Il cambiamento riguarda soprattutto le modalità di relazione con partner internazionali e CDMO. “La domanda non è più ‘come?’, ma ‘quanto rapidamente?’”, osserva Sharadsrikar Kotturi, Chief Scientific Officer della CDMO indiana Neuland Laboratories, in un’intervista rilasciata al sito Pharmaceutical Technology di GlobalData.

Una trasformazione indotta anche dalle pressioni economiche e regolatorie che stanno investendo il settore. Il mercato farmaceutico giapponese – il terzo al mondo dopo Stati Uniti e Cina – vale circa 11,9 trilioni di yen, pari a oltre 76 miliardi di dollari, ma deve confrontarsi con revisioni periodiche dei prezzi dei farmaci, misure di contenimento della spesa sanitaria e crescente diffusione dei generici.

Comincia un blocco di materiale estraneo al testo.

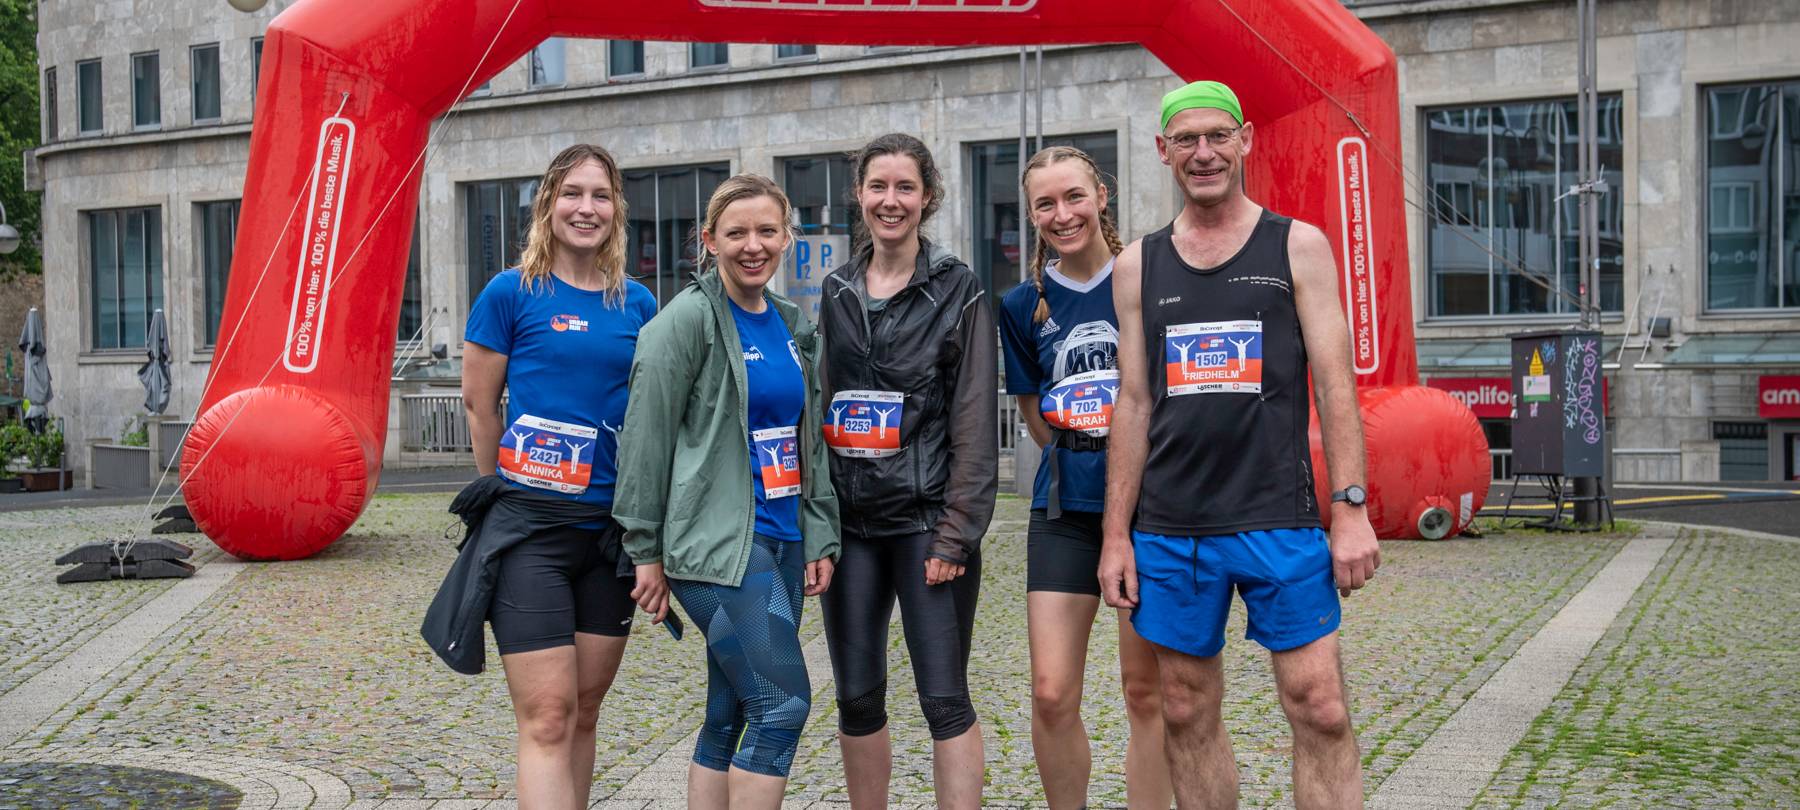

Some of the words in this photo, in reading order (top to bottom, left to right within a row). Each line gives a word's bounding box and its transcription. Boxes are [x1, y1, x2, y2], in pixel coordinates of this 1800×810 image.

A tutto questo si aggiungono le criticità legate all’invecchiamento della popolazione, alla necessità di aumentare la produttività della R&D e alla crescente concorrenza internazionale.

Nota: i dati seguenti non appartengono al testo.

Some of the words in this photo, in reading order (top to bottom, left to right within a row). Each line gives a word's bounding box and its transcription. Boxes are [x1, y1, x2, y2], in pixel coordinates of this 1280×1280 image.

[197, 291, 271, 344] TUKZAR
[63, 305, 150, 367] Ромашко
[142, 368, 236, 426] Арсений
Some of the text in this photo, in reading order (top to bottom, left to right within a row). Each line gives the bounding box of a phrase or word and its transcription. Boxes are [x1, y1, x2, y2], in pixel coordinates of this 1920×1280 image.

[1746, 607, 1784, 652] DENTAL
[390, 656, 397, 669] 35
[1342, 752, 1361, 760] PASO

È dunque fondamentale, per manager e decisori giapponesi, garantire una progressiva riduzione dei tempi decisionali, guardando anche a partner esteri capaci di assicurare affidabilità industriale e rapidità operativa.

L’accelerazione dei processi appare particolarmente critica nel settore dei peptidi terapeutici, una delle aree più promettenti soprattutto nelle patologie metaboliche e nell’obesità.

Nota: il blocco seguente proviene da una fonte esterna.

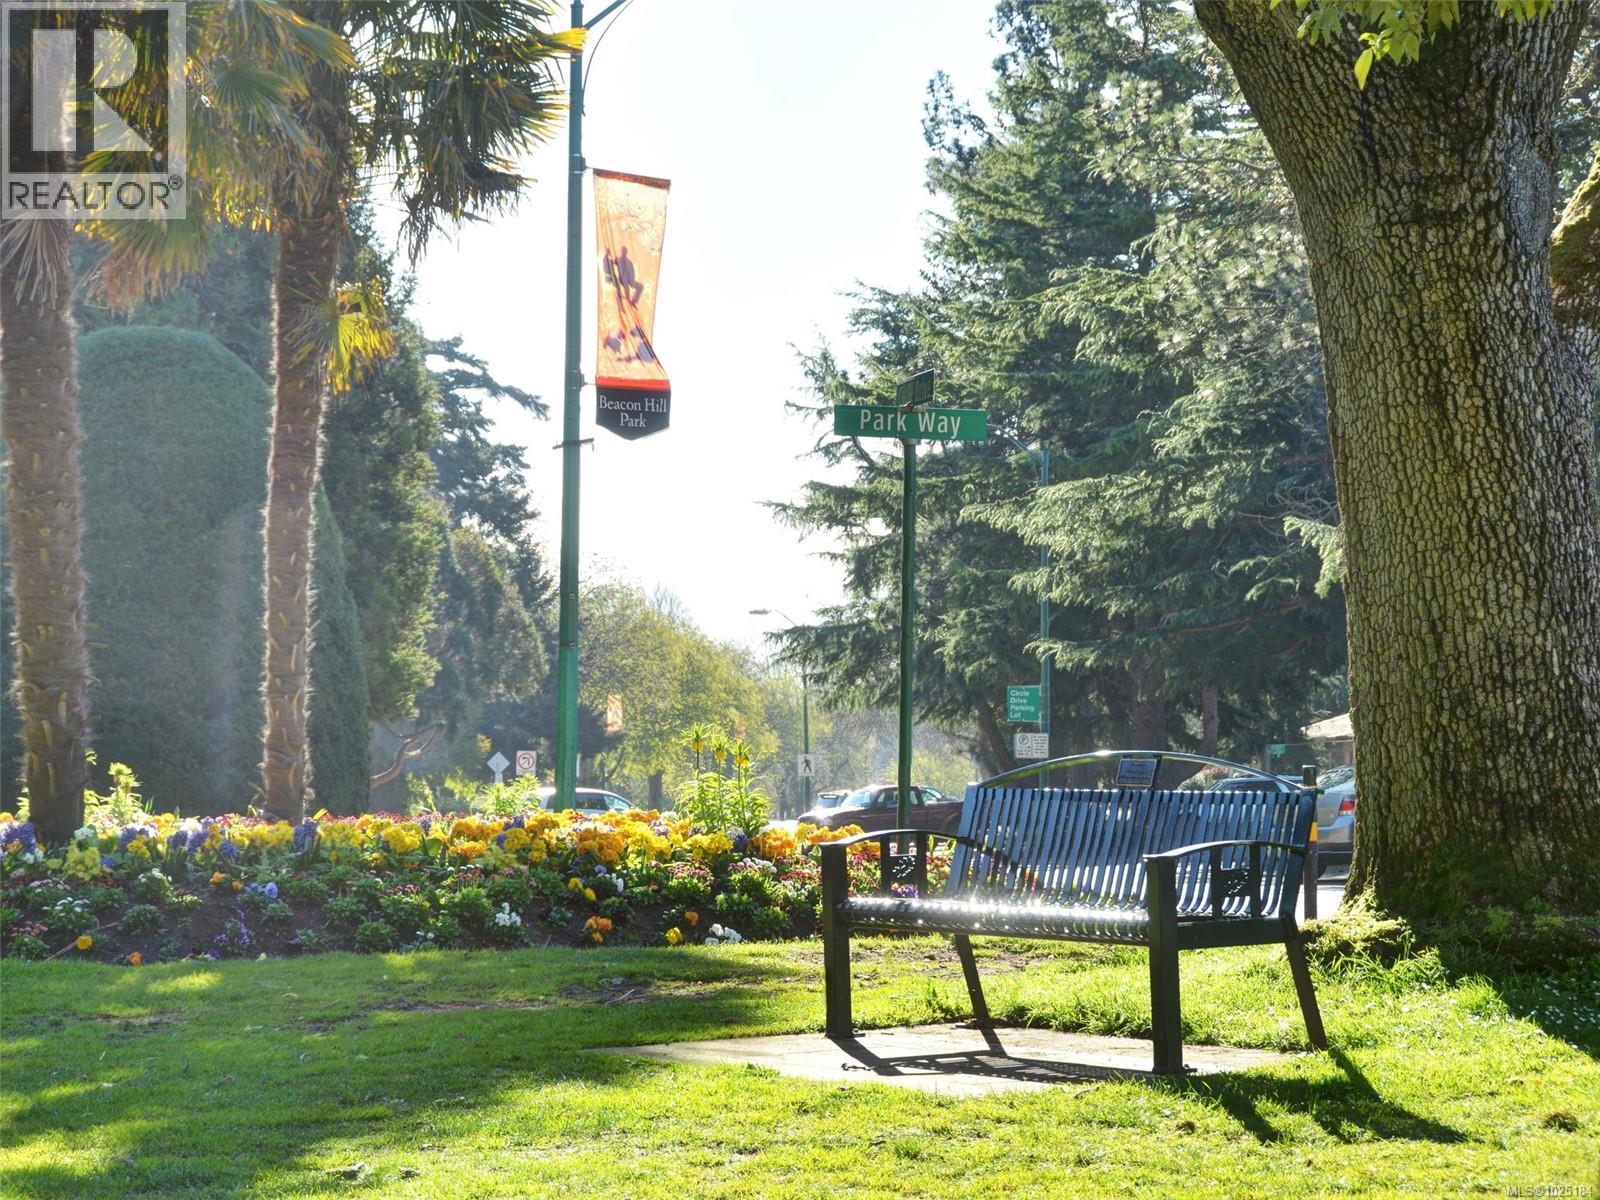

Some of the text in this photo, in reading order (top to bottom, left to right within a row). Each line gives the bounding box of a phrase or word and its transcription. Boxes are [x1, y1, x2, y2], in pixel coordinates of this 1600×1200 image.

[599, 394, 667, 412] Beacon Hill
[619, 412, 647, 428] Park
[859, 408, 961, 440] Park Way
[1009, 689, 1030, 697] Circle
[1010, 704, 1036, 713] Parking
[1010, 711, 1022, 719] Lot

Secondo Kotturi, in questo campo il “collo di bottiglia” risiede nella riproducibilità produttiva. “A differenza delle small molecules, i peptidi sono estremamente sensibili alle variazioni tra lotti e ai profili di impurità”, spiega il manager indiano. Pur basandosi su processi chimici consolidati, l’aumento della complessità molecolare rende infatti più difficile controllare impurità e processi di scale-up industriale.

L’impulso alla trasformazione dei processi di produzione e R&D impatta anche sulla supply chain. Le aziende giapponesi stanno progressivamente rivalutando la dipendenza dalla Cina, accelerando modelli di diversificazione, con India e Vietnam che emergono come alternative per sourcing e manifattura.